MUD Codebases & Engines

research Doc 02

The DikuMUD Family Tree

DikuMUD (1990)
├── CircleMUD
├── Silly
└── Merc (1992)
    ├── Envy
    └── ROM (1993, Rivers of MUD)
        ├── ROM 2.4b6 (1998, final public release)
        ├── QuickMUD
        │   └── BasedMUD (modernized refactor)
        └── SMAUG
            └── Various derivatives
        └── Aardwolf (1996, heavily customized ROM)

DikuMUD (1990)

  • Created by: Sebastian Hammer, Tom Madsen, Katja Nyboe, Michael Seifert, Hans Henrik Stærfeldt
  • Where: University of Copenhagen Department of Computer Science (DIKU)
  • Language: C
  • Goal: “A MUD that was less messy than AberMUD, less buggy than LPMud, and more like Dungeons & Dragons”
  • Key feature: Hard-coded virtual world (no live modification), remarkably accessible codebase
  • Influence: Raph Koster credited it with “the greatest proliferation of gameworlds”
  • License: Permissive but non-commercial (no selling the game)

Merc (1992)

  • Created by: Michael Chastain (“Furey”), Michael Quan (“Kahn”), Mitchell Tse (“Hatchet”) at UC Berkeley
  • Released: December 18, 1992
  • Size: ~30,000 lines of C
  • Improvements over DikuMUD: Cleaner code organization, bug fixes, better documentation

ROM (Rivers of MUD, 1993)

  • Created by: Russ Taylor (“Alander”)
  • Final version: ROM 2.4b6 (May 1998)
  • Architecture:
    • Area files define world content (rooms, mobs, objects, resets)
    • OLC (Online Creation) for in-game building
    • do_*() functions for commands in act_*.c and wiz_*.c files
    • Data-driven design with tables over hard-coded logic

BasedMUD (Modern ROM Refactor)

Key modernizations of the ROM codebase:

  • Separated concerns: handler.cchars.c, objs.c, rooms.c, find.c
  • Typed unions: obj->value[x]obj->v.weapon.weapon_type
  • Helper macros: BAIL_IF() replaces repeated error-handling
  • Flag separation: MOB_* flags vs PLR_* flags (was a common bug source)
  • Message helpers: act2() (char + room) and act3() (char + target + room)
  • Optional features: Colored room titles by terrain, per-pulse regeneration

SMAUG

  • Stands for: Simulated Medieval Adventure Multi-user Game
  • Features: Extended OLC, more world-building capabilities, mob programs

The LPMud Family

LPMud (1989, Lars Pensjö)
├── MudOS
│   └── FluffOS (actively maintained)
├── DGD (Dworkin's Game Driver)
└── Pike (programming language, spun off from LPC)
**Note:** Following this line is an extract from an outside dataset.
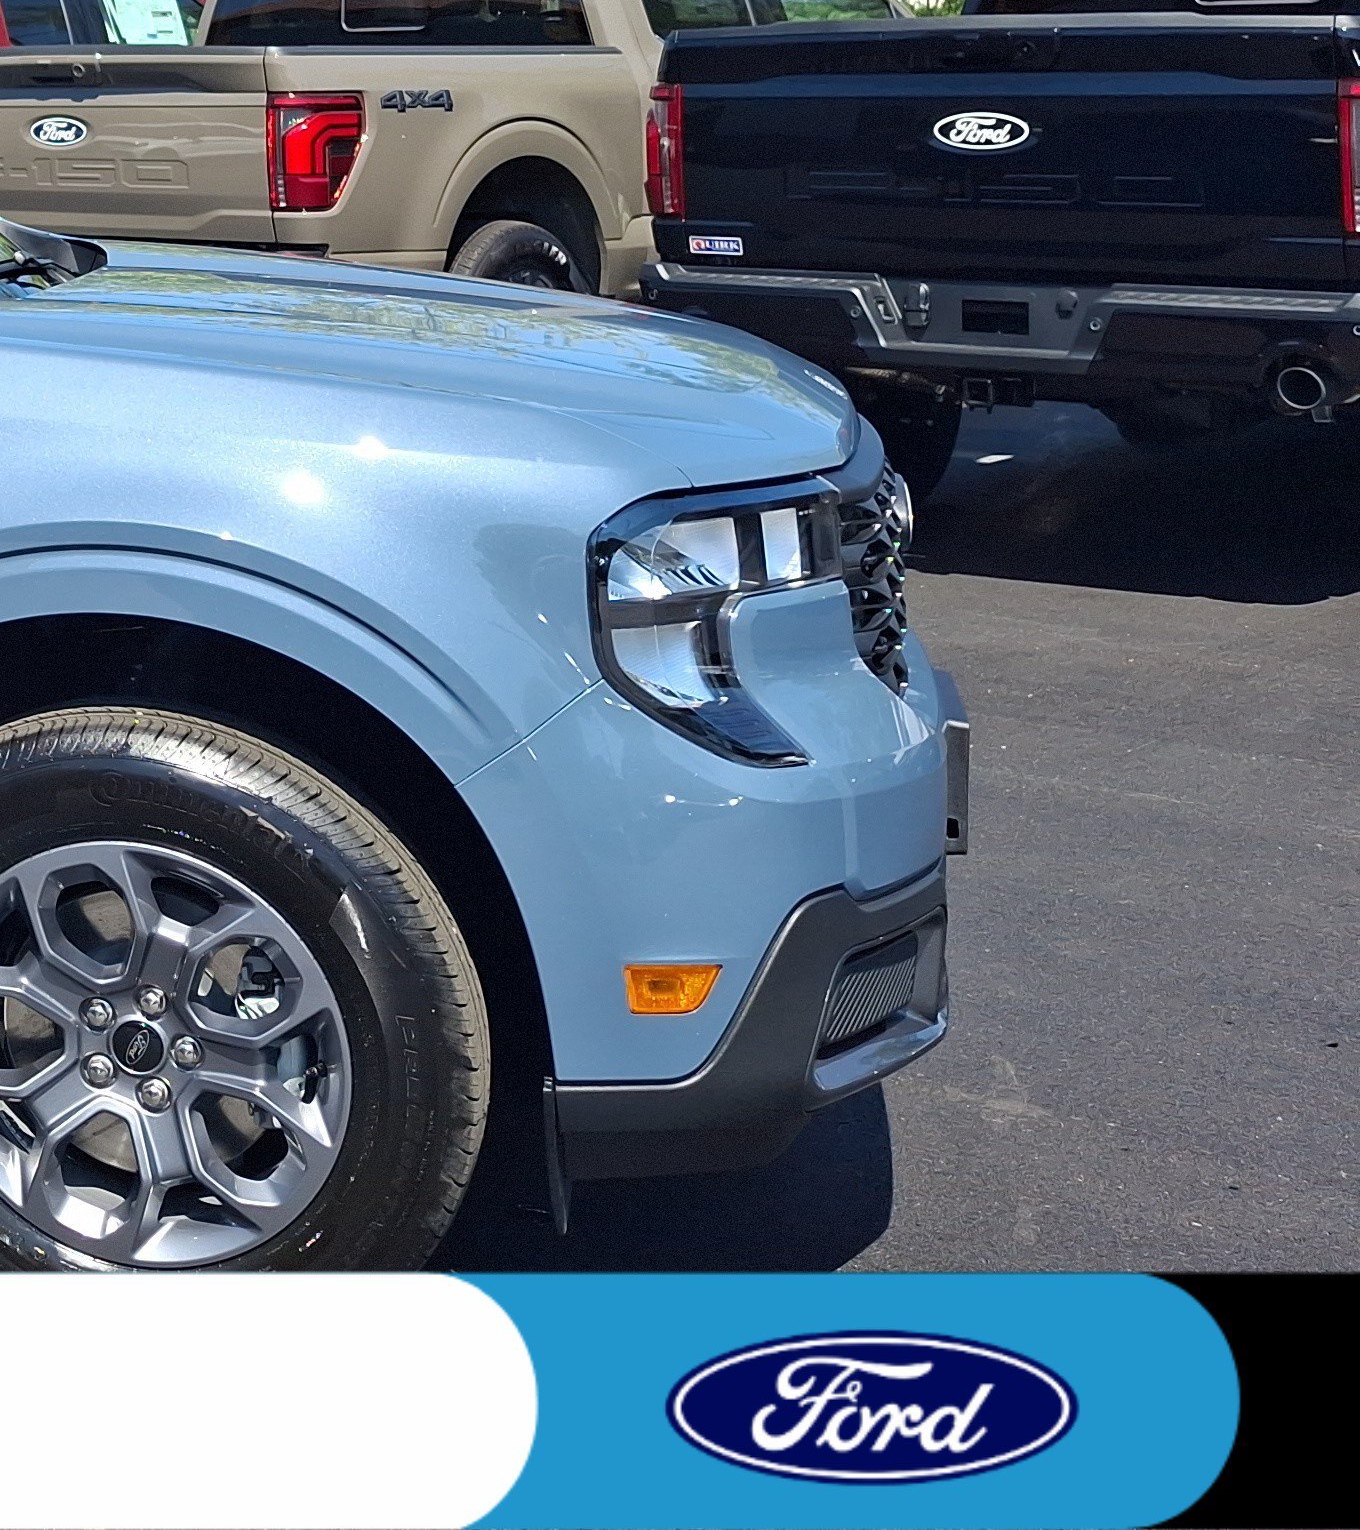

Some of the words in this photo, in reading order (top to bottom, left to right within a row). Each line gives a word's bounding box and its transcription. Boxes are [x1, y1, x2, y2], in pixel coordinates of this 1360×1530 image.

[39, 120, 77, 142] Ford
[949, 117, 1012, 144] Ford
[692, 239, 740, 250] QUIRK
Architecture: Driver + Mudlib Separation

The revolutionary LPMud insight: separate the engine from the game.

The Driver (C):

  • Virtual machine that interprets LPC code
  • Manages network connections
  • Provides OS-level services (file I/O, timers, networking)
  • Sandboxes against infinite loops, recursion, crashes
  • Game-agnostic — the driver doesn’t know what kind of game it’s running

The Mudlib (LPC):

  • Defines the game world: rooms, objects, NPCs, combat, magic
  • Written in LPC, a C-like object-oriented language
  • Acts as an “operating system” on top of the driver VM
  • Can be modified while the game is running
  • Different mudlibs create entirely different game experiences

LPC Language:

  • C-based syntax, object-oriented
  • Designed for non-programmers to create rooms and objects
  • Inheritance-based: extend base Room class to make a specific room
  • Notable mudlibs: CDlib, Discworld Mudlib, Lima Mudlib, MorgenGrauen Mudlib

Key Design Philosophy

“The driver should not define the nature of the game. The nature of the game is to be decided by the individuals involved, and you should be able to add to the game as it is being played.”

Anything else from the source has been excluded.